Friday, July 8, 2011

Farm Crops


Perhaps the biggest single visual component of the rural landscape around here, at least where the farmland is good, is the variety of farm fields and their crops. It's haying season; in fact haying season is nearly over, though farmers are still out cutting hay, raking it to dry in the sun, and then baling it, mostly in the big round bales that have removed one of the heavy former jobs on a farm - manhandling those old square haybales onto the wagon.

While haying season is nearing an end, the canola is just coming into bloom, throwing an almost fluorescent yellow across a few fields in this area. There is more of it, and larger fields, further south.


And the wheat fields, most of them winter wheat that was planted last fall, are just showing the first touch of that golden colour that will lead to their harvest. It's amazing to me that more people don't connect the golden fields of wheat ready for harvest with the bread in their kitchen! The first wheat harvests will probably be underway before the end of the month.
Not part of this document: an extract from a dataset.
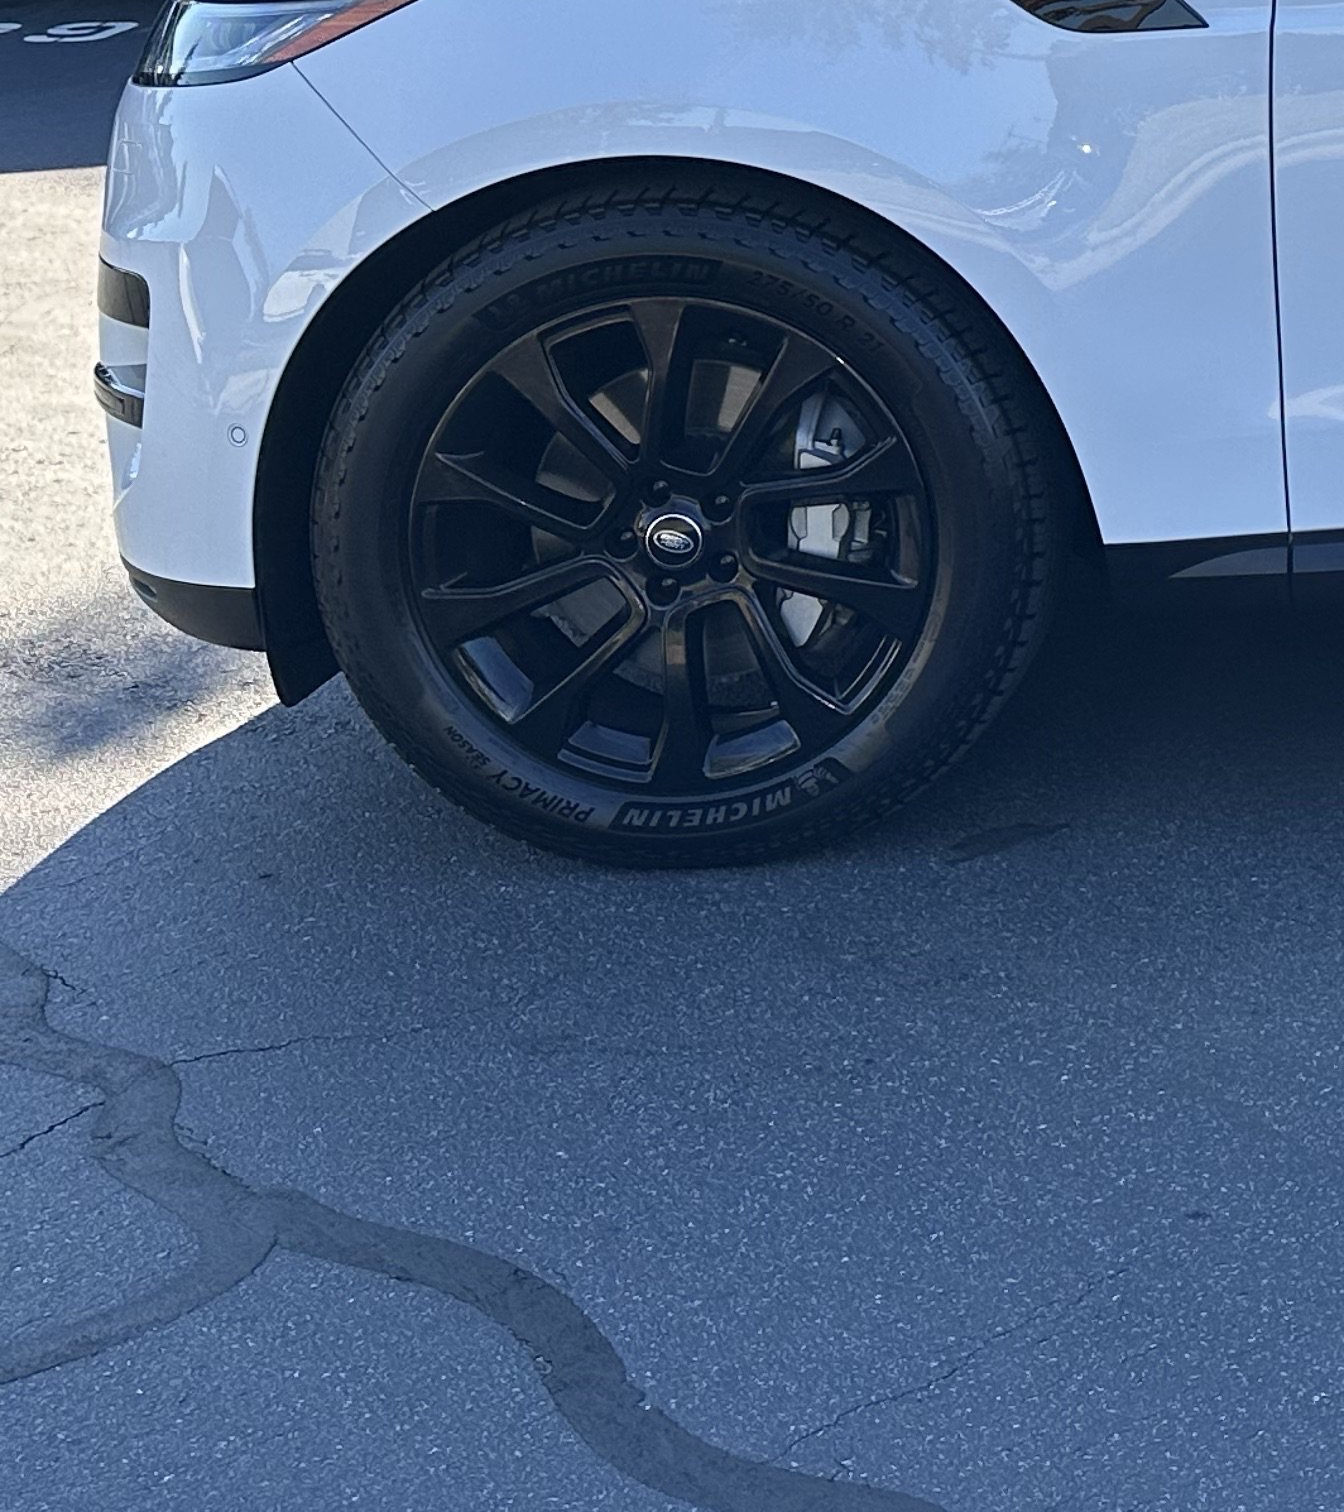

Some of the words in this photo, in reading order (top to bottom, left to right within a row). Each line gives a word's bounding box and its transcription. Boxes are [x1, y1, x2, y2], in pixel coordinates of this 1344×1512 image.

Corn crops will mature later into the fall, and they illustrate the huge variability of crops on farms. Rainfall at the wrong time, soil conditions and other variables the farmer juggles can mean a huge difference in crop growth. These two photos were taken the same day; the corn in the left photo is just about 6 inches tall, and hardly beginning to grow; the corn in the right hand photo was a good 18 inches tall, and growing fast.

While well over 50% of the farm fields around here are in hay, and some more are in pasture, canola, wheat and corn account for about 90% of the other field crops grown. And together, they represent one of the most obvious indicators of the changing seasons, in a region that is still largely a farm landscape.